> _TRY IT_:
Write out each record exactly as given, but do not include the pictures.

*** RECORDS TO PROCESS ***

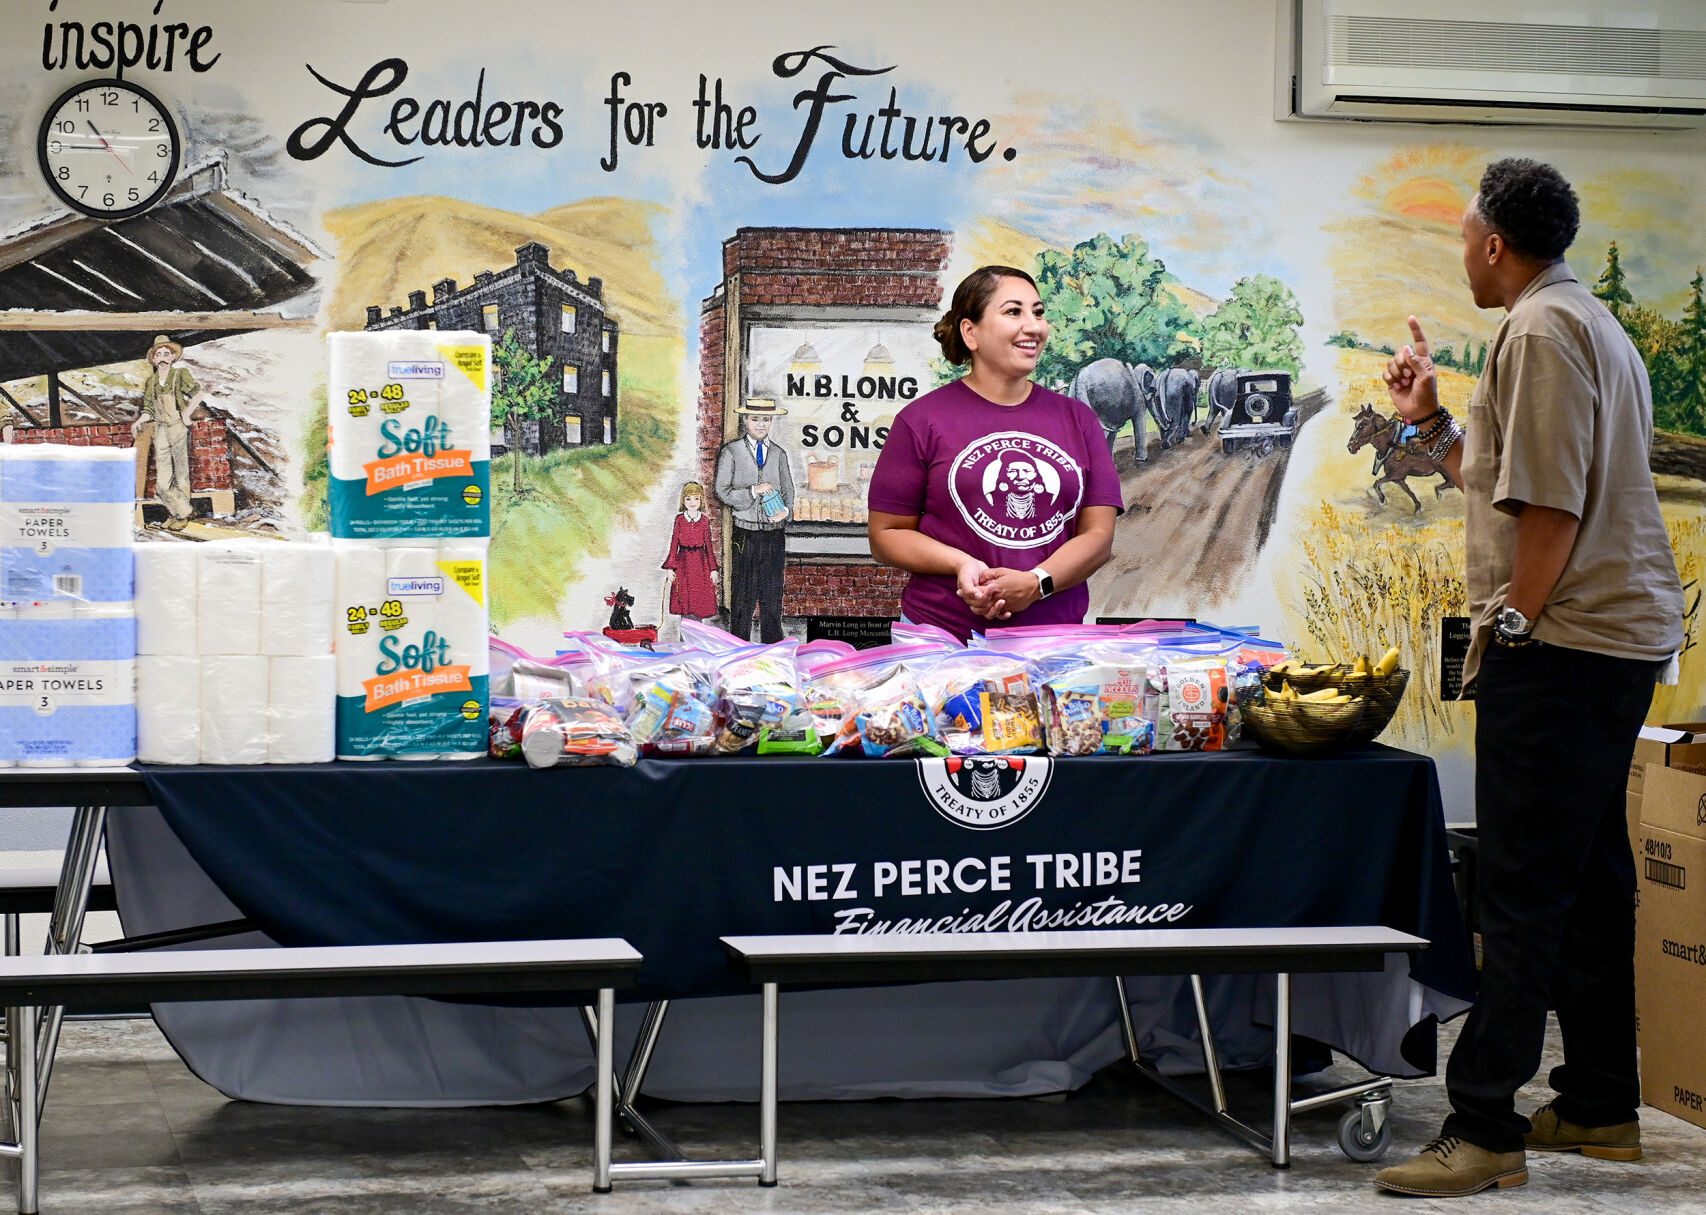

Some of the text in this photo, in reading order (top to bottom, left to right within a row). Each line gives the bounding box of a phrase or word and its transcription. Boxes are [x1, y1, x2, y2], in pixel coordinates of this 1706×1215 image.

[42, 0, 221, 80] inspire
[75, 99, 90, 112] 11
[100, 92, 119, 106] 12
[131, 100, 140, 113] 1
[286, 45, 1017, 184] Leaders for the Future.
[56, 121, 75, 134] 10
[148, 119, 160, 131] 2
[157, 144, 168, 157] 3
[58, 166, 71, 180] 8
[147, 170, 159, 184] 4
[77, 185, 89, 199] 7
[127, 188, 139, 201] 5
[103, 193, 115, 207] 6
[391, 364, 441, 376] trueliving
[348, 389, 367, 404] 24
[381, 384, 403, 400] 48
[840, 402, 861, 423] &
[377, 415, 454, 459] Soft
[801, 424, 891, 450] SONS
[962, 439, 1075, 472] NEZ PERCE TRIBE
[374, 456, 465, 483] Bath Tissue
[25, 518, 63, 527] PAPER
[973, 507, 1064, 539] TREATY OF 1855
[19, 528, 70, 537] TOWELS
[41, 541, 48, 550] 3
[391, 581, 440, 592] trueliving
[347, 606, 367, 622] 24
[380, 600, 403, 617] 48
[842, 621, 859, 630] Long
[842, 629, 859, 637] Long
[376, 631, 452, 676] Soft
[41, 680, 103, 690] TOWELS
[373, 672, 464, 700] Bath Tissue
[1177, 677, 1206, 689] GOLDEN
[41, 696, 48, 707] 3
[1178, 700, 1206, 712] ISLAND
[935, 778, 1039, 819] TREATY OF 1855
[1645, 838, 1672, 860] 48/10/3
[773, 849, 1142, 901] NEZ PERCE TRIBE
[833, 895, 1194, 935] Financial Assistance
[1662, 938, 1706, 966] smart&
[1674, 1085, 1703, 1113] PAPER
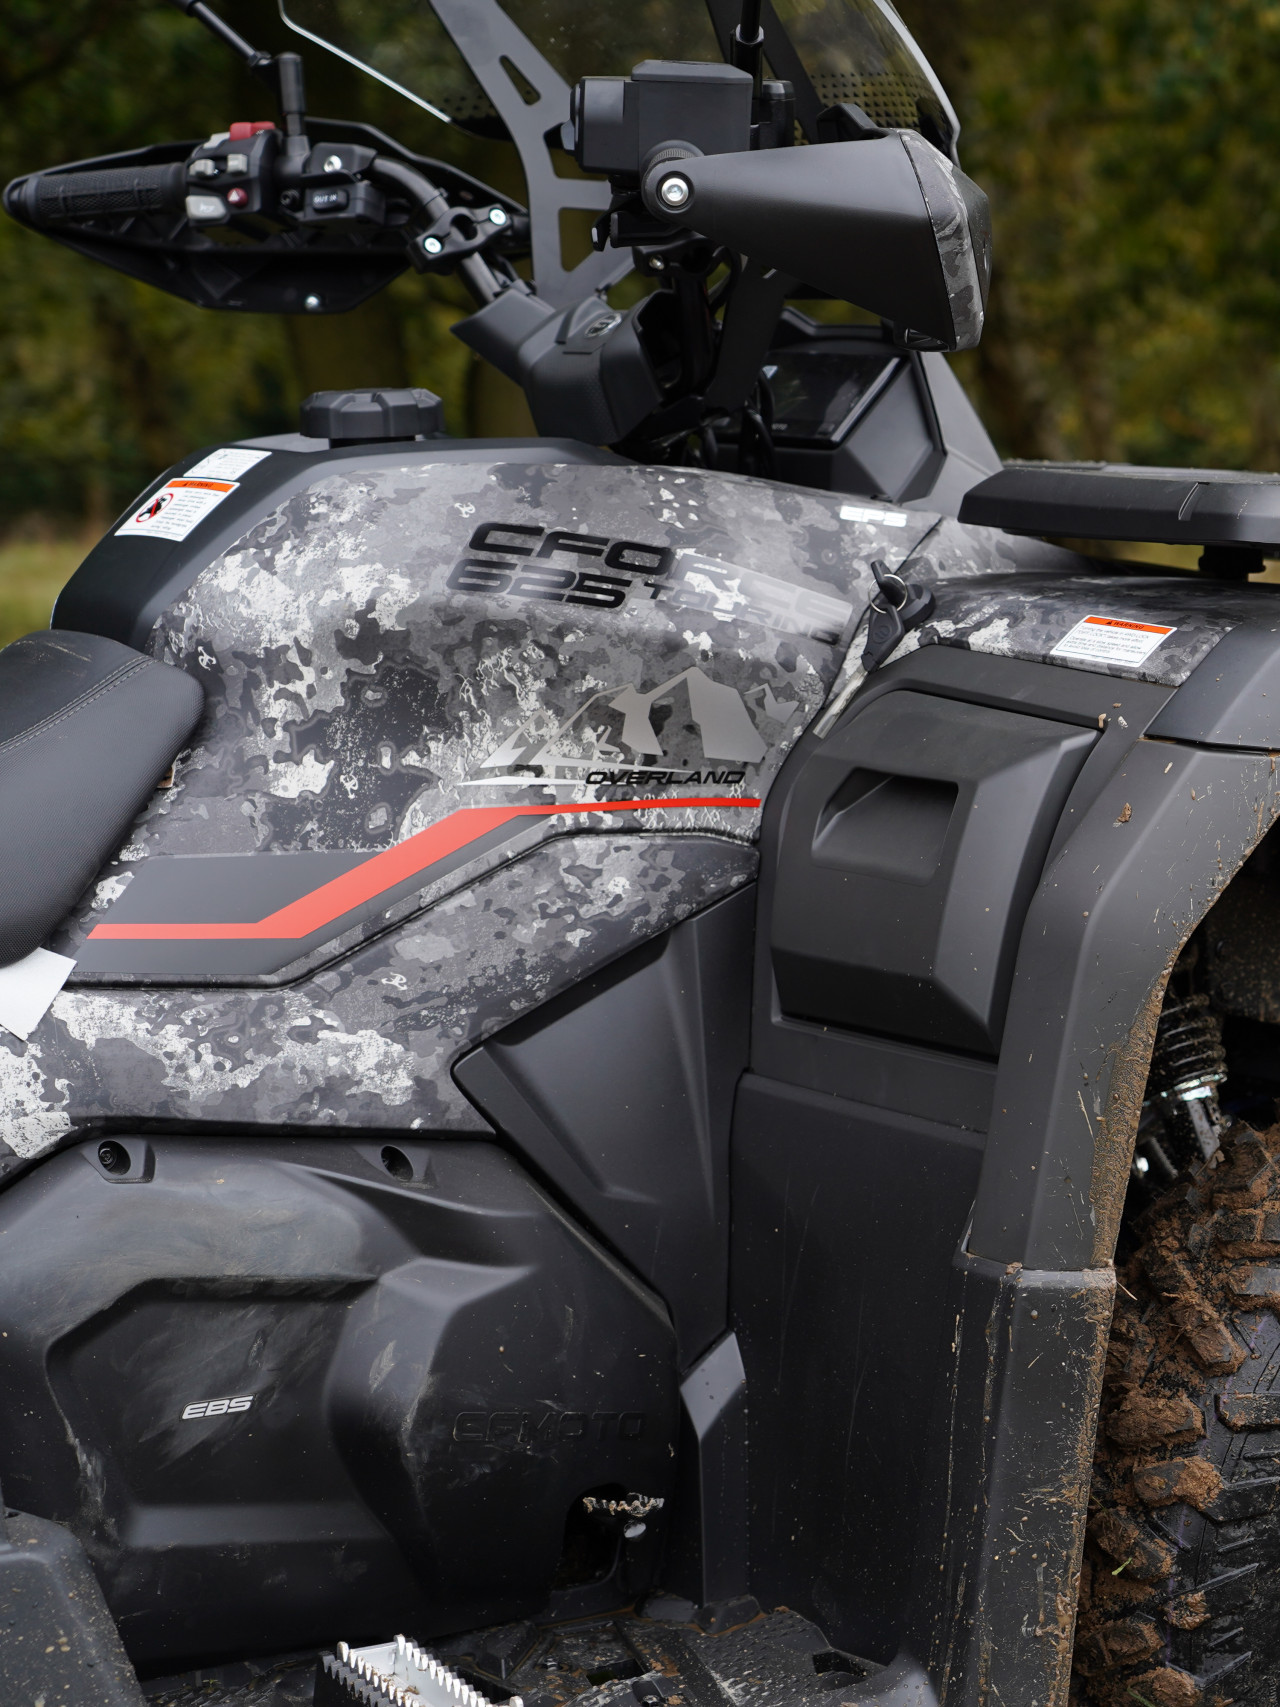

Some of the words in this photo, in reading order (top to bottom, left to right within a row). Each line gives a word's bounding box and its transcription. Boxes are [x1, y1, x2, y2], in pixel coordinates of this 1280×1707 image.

*** End of RECORDS TO PROCESS ***

> _WRITTEN REPLY_:
Some of the text in this photo, in reading order (top to bottom, left to right within a row). Each line gives the bounding box of a phrase or word and its transcription. Boxes are [x1, y1, x2, y2], in pixel coordinates of this 1706×1215 image.

[42, 0, 221, 80] inspire
[75, 99, 90, 112] 11
[100, 92, 119, 106] 12
[131, 100, 140, 113] 1
[286, 45, 1017, 184] Leaders for the Future.
[56, 121, 75, 134] 10
[148, 119, 160, 131] 2
[157, 144, 168, 157] 3
[58, 166, 71, 180] 8
[147, 170, 159, 184] 4
[77, 185, 89, 199] 7
[127, 188, 139, 201] 5
[103, 193, 115, 207] 6
[391, 364, 441, 376] trueliving
[348, 389, 367, 404] 24
[381, 384, 403, 400] 48
[840, 402, 861, 423] &
[377, 415, 454, 459] Soft
[801, 424, 891, 450] SONS
[962, 439, 1075, 472] NEZ PERCE TRIBE
[374, 456, 465, 483] Bath Tissue
[25, 518, 63, 527] PAPER
[973, 507, 1064, 539] TREATY OF 1855
[19, 528, 70, 537] TOWELS
[41, 541, 48, 550] 3
[391, 581, 440, 592] trueliving
[347, 606, 367, 622] 24
[380, 600, 403, 617] 48
[842, 621, 859, 630] Long
[842, 629, 859, 637] Long
[376, 631, 452, 676] Soft
[41, 680, 103, 690] TOWELS
[373, 672, 464, 700] Bath Tissue
[1177, 677, 1206, 689] GOLDEN
[41, 696, 48, 707] 3
[1178, 700, 1206, 712] ISLAND
[935, 778, 1039, 819] TREATY OF 1855
[1645, 838, 1672, 860] 48/10/3
[773, 849, 1142, 901] NEZ PERCE TRIBE
[833, 895, 1194, 935] Financial Assistance
[1662, 938, 1706, 966] smart&
[1674, 1085, 1703, 1113] PAPER

Some of the words in this photo, in reading order (top to bottom, left to right within a row). Each line gives a word's bounding box and its transcription. Boxes are [x1, y1, x2, y2], in pixel coordinates of this 1280×1707 image.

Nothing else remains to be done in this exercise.